##### Records supplied #####

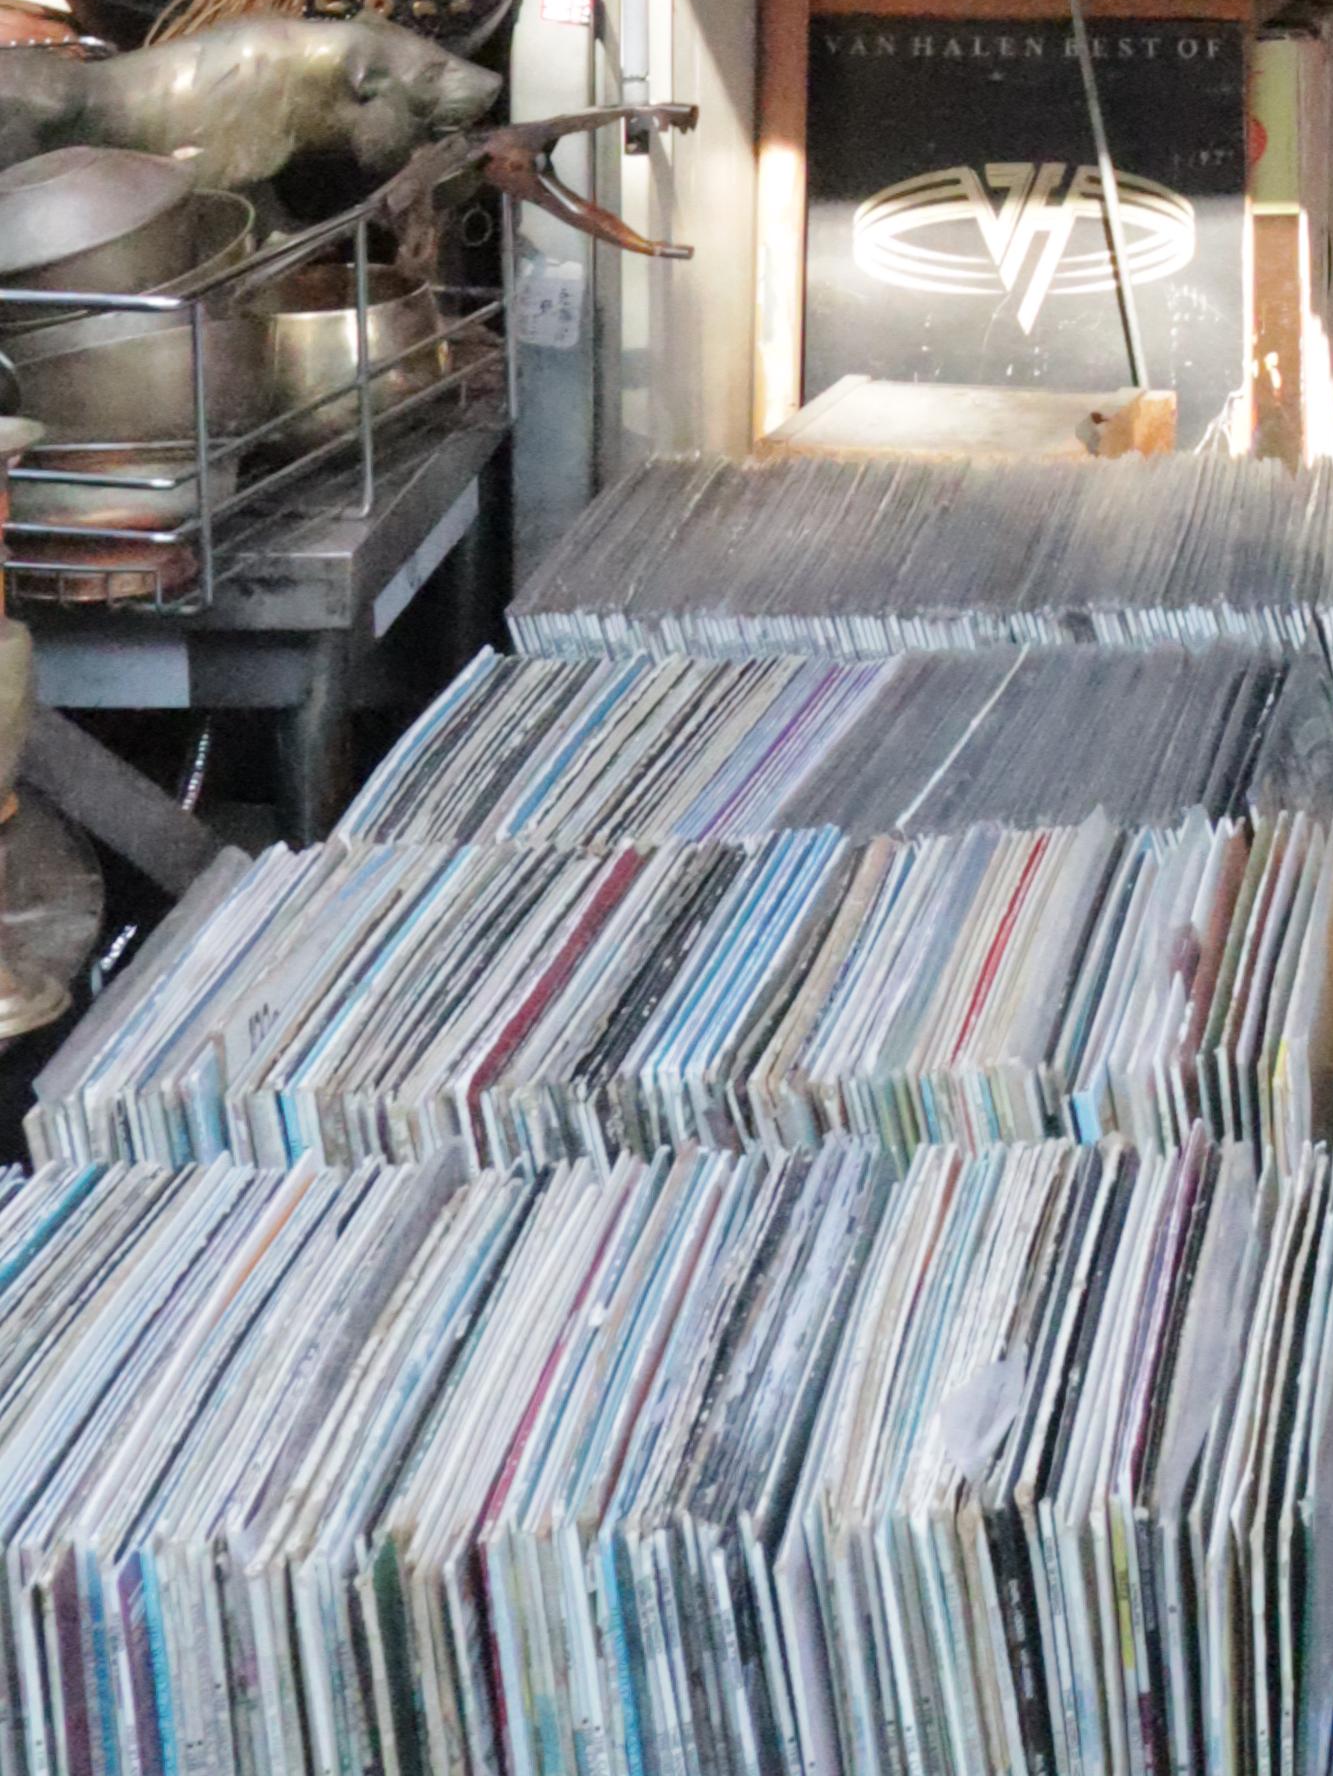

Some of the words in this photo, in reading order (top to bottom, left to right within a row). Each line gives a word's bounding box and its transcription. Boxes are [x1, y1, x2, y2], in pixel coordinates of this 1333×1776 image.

[824, 34, 897, 58] VAN
[913, 34, 1045, 58] HALEN
[1063, 35, 1161, 60] BEST
[1177, 36, 1223, 60] OF
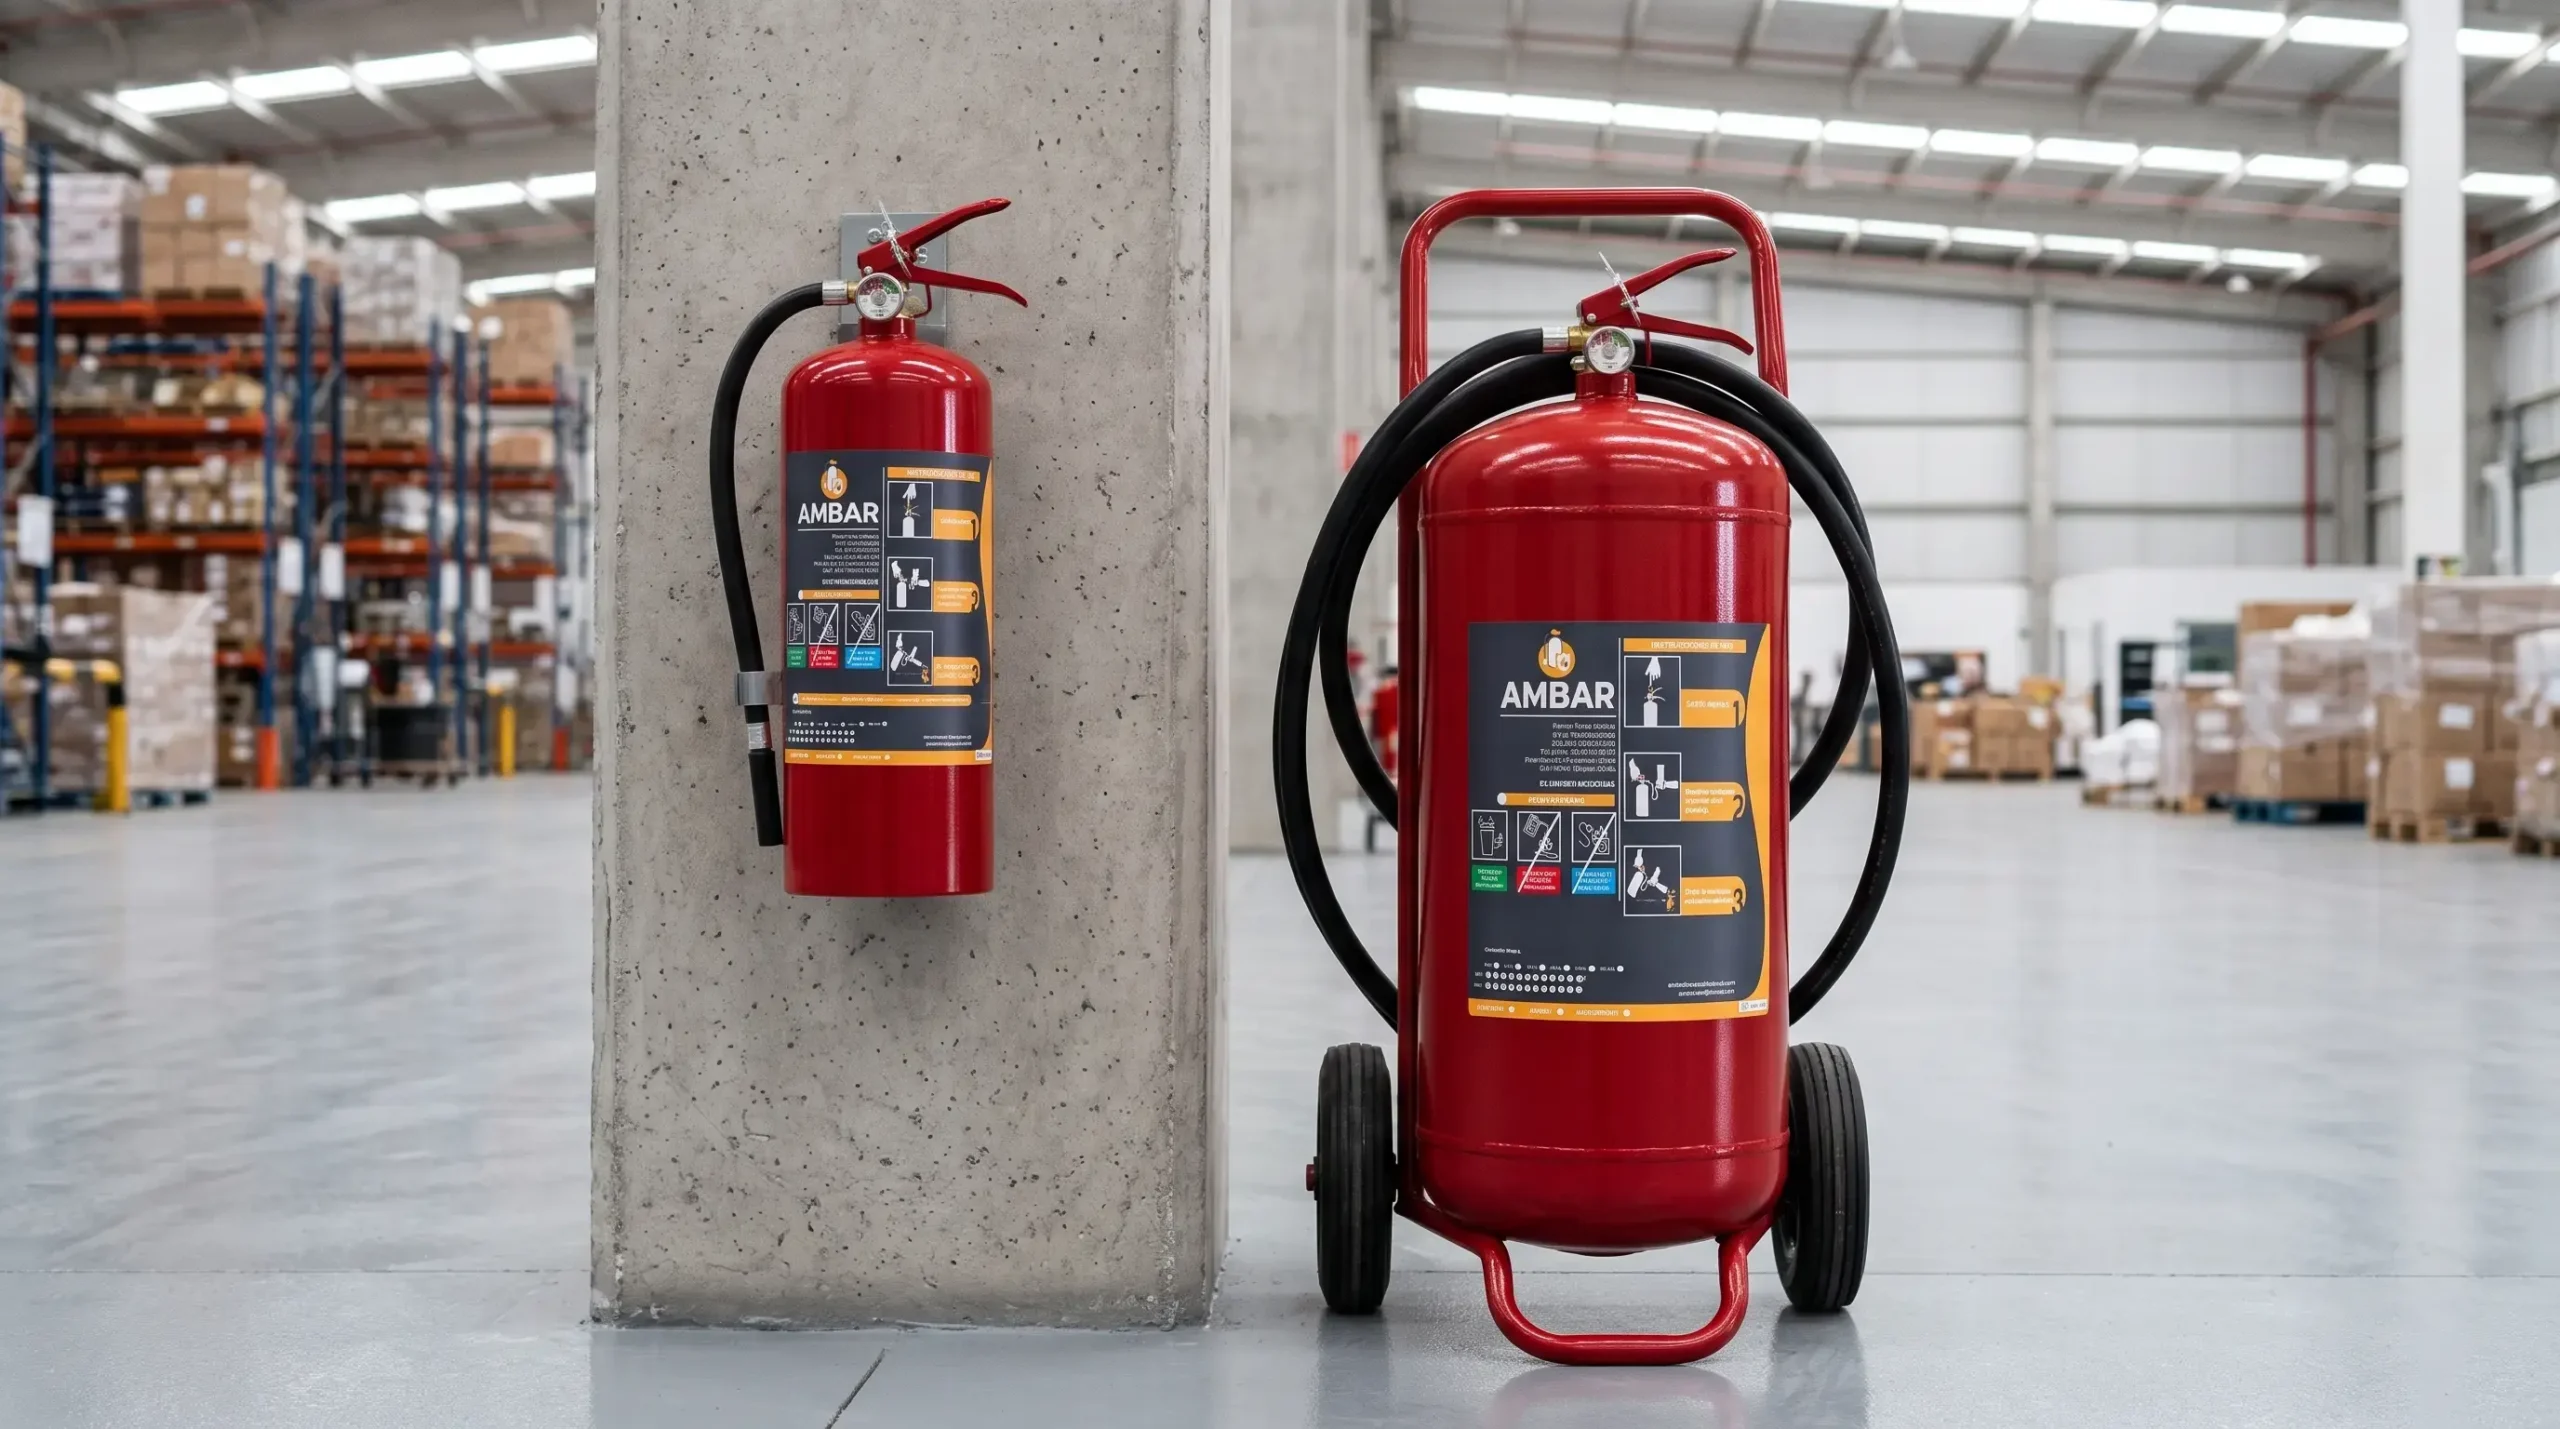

#####

An exact copy of every line above, minus the pictures, is the required output.

Some of the words in this photo, in reading order (top to bottom, left to right within a row). Each line gives a word's bounding box and its transcription. Boxes are [x1, y1, x2, y2], in pixel coordinates of this 1333×1776 image.

[824, 34, 897, 58] VAN
[913, 34, 1045, 58] HALEN
[1063, 35, 1161, 60] BEST
[1177, 36, 1223, 60] OF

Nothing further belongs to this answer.